TASK TO COMPLETE: Return the entries below precisely, omitting nothing.

(Data extracted from a collection)
▼
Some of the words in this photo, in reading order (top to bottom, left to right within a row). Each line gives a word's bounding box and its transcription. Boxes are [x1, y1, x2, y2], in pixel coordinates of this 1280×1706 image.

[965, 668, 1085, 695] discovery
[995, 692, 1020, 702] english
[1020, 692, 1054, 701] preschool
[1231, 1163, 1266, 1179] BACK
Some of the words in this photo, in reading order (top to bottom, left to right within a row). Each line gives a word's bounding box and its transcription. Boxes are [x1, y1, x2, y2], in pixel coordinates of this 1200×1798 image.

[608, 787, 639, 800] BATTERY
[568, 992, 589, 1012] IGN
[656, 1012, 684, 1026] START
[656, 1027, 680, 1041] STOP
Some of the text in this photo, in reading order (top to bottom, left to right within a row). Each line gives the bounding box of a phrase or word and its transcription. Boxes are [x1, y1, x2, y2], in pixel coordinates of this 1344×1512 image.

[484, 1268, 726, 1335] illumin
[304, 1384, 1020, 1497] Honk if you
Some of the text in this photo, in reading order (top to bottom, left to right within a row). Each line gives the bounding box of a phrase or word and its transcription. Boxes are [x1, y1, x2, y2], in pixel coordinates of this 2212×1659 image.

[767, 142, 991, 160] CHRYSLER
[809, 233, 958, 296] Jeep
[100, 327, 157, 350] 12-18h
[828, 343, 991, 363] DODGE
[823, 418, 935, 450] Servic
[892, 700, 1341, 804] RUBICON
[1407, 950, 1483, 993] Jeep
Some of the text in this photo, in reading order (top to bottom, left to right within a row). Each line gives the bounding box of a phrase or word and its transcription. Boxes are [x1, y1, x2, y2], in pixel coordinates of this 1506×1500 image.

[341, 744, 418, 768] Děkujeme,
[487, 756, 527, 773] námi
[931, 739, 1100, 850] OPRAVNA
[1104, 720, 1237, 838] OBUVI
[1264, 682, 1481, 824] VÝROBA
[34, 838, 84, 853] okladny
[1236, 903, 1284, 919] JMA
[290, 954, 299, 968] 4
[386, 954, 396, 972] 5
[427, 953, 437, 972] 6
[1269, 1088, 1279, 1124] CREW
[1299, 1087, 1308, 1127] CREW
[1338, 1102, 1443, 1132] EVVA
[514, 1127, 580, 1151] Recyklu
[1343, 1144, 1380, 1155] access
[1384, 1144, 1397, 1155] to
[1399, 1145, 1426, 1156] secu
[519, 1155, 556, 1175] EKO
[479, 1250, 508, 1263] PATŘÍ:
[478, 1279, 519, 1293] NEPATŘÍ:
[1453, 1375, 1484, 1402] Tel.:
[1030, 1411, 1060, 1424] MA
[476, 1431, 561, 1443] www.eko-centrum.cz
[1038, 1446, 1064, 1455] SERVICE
▲
SOLUTION TO THIS TASK:
Some of the words in this photo, in reading order (top to bottom, left to right within a row). Each line gives a word's bounding box and its transcription. Boxes are [x1, y1, x2, y2], in pixel coordinates of this 1280×1706 image.

[965, 668, 1085, 695] discovery
[995, 692, 1020, 702] english
[1020, 692, 1054, 701] preschool
[1231, 1163, 1266, 1179] BACK
Some of the words in this photo, in reading order (top to bottom, left to right within a row). Each line gives a word's bounding box and its transcription. Boxes are [x1, y1, x2, y2], in pixel coordinates of this 1200×1798 image.

[608, 787, 639, 800] BATTERY
[568, 992, 589, 1012] IGN
[656, 1012, 684, 1026] START
[656, 1027, 680, 1041] STOP
Some of the text in this photo, in reading order (top to bottom, left to right within a row). Each line gives the bounding box of a phrase or word and its transcription. Boxes are [x1, y1, x2, y2], in pixel coordinates of this 1344×1512 image.

[484, 1268, 726, 1335] illumin
[304, 1384, 1020, 1497] Honk if you
Some of the text in this photo, in reading order (top to bottom, left to right within a row). Each line gives the bounding box of a phrase or word and its transcription. Boxes are [x1, y1, x2, y2], in pixel coordinates of this 2212×1659 image.

[767, 142, 991, 160] CHRYSLER
[809, 233, 958, 296] Jeep
[100, 327, 157, 350] 12-18h
[828, 343, 991, 363] DODGE
[823, 418, 935, 450] Servic
[892, 700, 1341, 804] RUBICON
[1407, 950, 1483, 993] Jeep
Some of the text in this photo, in reading order (top to bottom, left to right within a row). Each line gives the bounding box of a phrase or word and its transcription. Boxes are [x1, y1, x2, y2], in pixel coordinates of this 1506×1500 image.

[341, 744, 418, 768] Děkujeme,
[487, 756, 527, 773] námi
[931, 739, 1100, 850] OPRAVNA
[1104, 720, 1237, 838] OBUVI
[1264, 682, 1481, 824] VÝROBA
[34, 838, 84, 853] okladny
[1236, 903, 1284, 919] JMA
[290, 954, 299, 968] 4
[386, 954, 396, 972] 5
[427, 953, 437, 972] 6
[1269, 1088, 1279, 1124] CREW
[1299, 1087, 1308, 1127] CREW
[1338, 1102, 1443, 1132] EVVA
[514, 1127, 580, 1151] Recyklu
[1343, 1144, 1380, 1155] access
[1384, 1144, 1397, 1155] to
[1399, 1145, 1426, 1156] secu
[519, 1155, 556, 1175] EKO
[479, 1250, 508, 1263] PATŘÍ:
[478, 1279, 519, 1293] NEPATŘÍ:
[1453, 1375, 1484, 1402] Tel.:
[1030, 1411, 1060, 1424] MA
[476, 1431, 561, 1443] www.eko-centrum.cz
[1038, 1446, 1064, 1455] SERVICE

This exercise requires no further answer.